I know an Italian here that can converse with a native Spanish (Mexico) speaker and though neither can speak the other language they can pretty much understand what the other is saying.


----------



## Vanda

As a Brazilian I can say that we understand spanish (from Argentina or other countries), but Argentinian , for example, don't understand us, according to some of them.
Also it's not hard understanding Italian . I mean for ordinary people , of course,
that have not studied those languages.
As for me, I know enough to communicate and a lot of understanding of those : Spanish, French, Italian.


----------



## Cristmarsal

I´m agree with DesertCat... If you speak with an australian, or englishman, or even whit for example, a newyorker, you will know the diference, in words and in accents... maybe, you even have play to that game, making like you are from another englis speaker place.... between spanish places is the same. I mean, I´m from Canary Islands, in Spain... I know when someone else is from Madrid or Barcelona, even  when they are "playing" they are from Canary Island... but maybe don´t make diference when someone from Madrid is "playing" he is from Barcelona...


----------



## Edher

saludos,

       Well, I've never really had the chance to talk to an Italian, however, I've seen a few shows on TV with a few Italian conversations and at times, I felt that the English subtitles were unnecessary for me.

       About passing as native of a different country, well, I would like to try that in Cuba. I found the way they communicate quite fascinating and absolutely charming. 

I want to go out there and say,   "Ya tu sabeh chico, hoy el dia ehta mah o menoh"

Edher


----------



## cuchuflete

The following is thoroughly unscientific, just observations from personal experience.
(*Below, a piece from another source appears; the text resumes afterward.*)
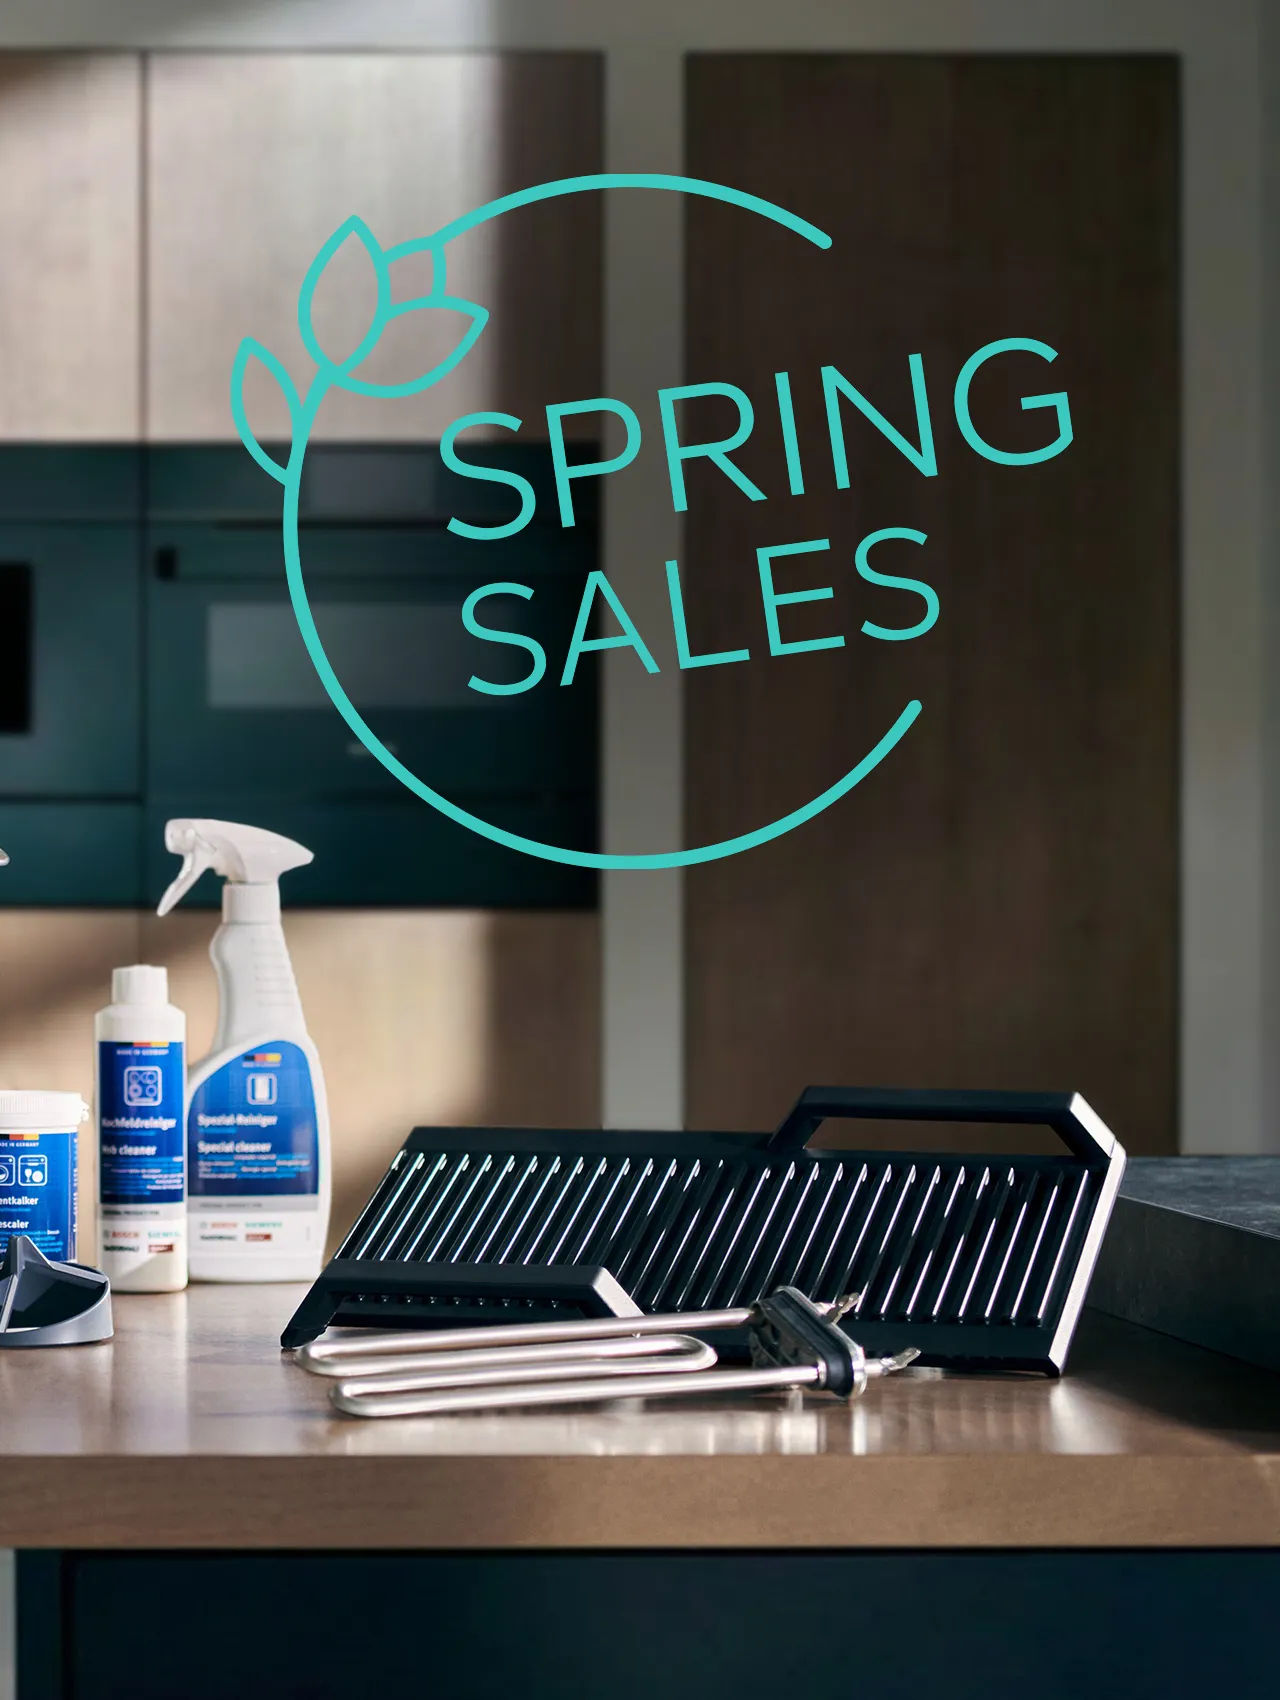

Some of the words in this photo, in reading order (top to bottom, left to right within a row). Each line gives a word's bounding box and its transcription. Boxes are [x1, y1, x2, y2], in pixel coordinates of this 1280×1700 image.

[119, 1144, 157, 1156] cleaner
[197, 1141, 235, 1155] Special
[235, 1141, 272, 1153] cleaner
Native Portuguese speakers, whether Iberian or Brasileiro, have little trouble understanding their Spanish-speaking neighbors.  The Spanish speakers, on the other hand, understand very little Portuguese.

I've heard many people from Portugal speak French with a good accent.  Most --there are plenty of exceptions--Spaniards who speak French do so with an identifiable accent.

Lots of Italians and Spaniards can converse coherently without knowing one another's languages.  

"Passing" is very difficult for someone who hasn't lived in the target country for quite a while.


----------



## jorge_val_ribera

¡Hola!

In my opinion:

1) Italian sounds fast but if you know some basic words you can understand it almost totally and it's very easy to understand what an Italian says and to speak with one.
Portuguese sounds pretty funny (in a good way) and it is a bit more difficult to understand it at first because the sounds aren't so clear as the Italian sounds. But once you hear it a few minutes you should be able to understand it pretty well and it's very, very easy to speak with a Brasilian person (I'm speaking about Brasilians because I don't know any Portuguese people). 

But the funny thing is that it is a bit different when reading. A text in Portuguese is VERY, VERY easy to understand. I could read an entire magazine and understand it totally figuring out some words by context. It is a bit harder with Italian.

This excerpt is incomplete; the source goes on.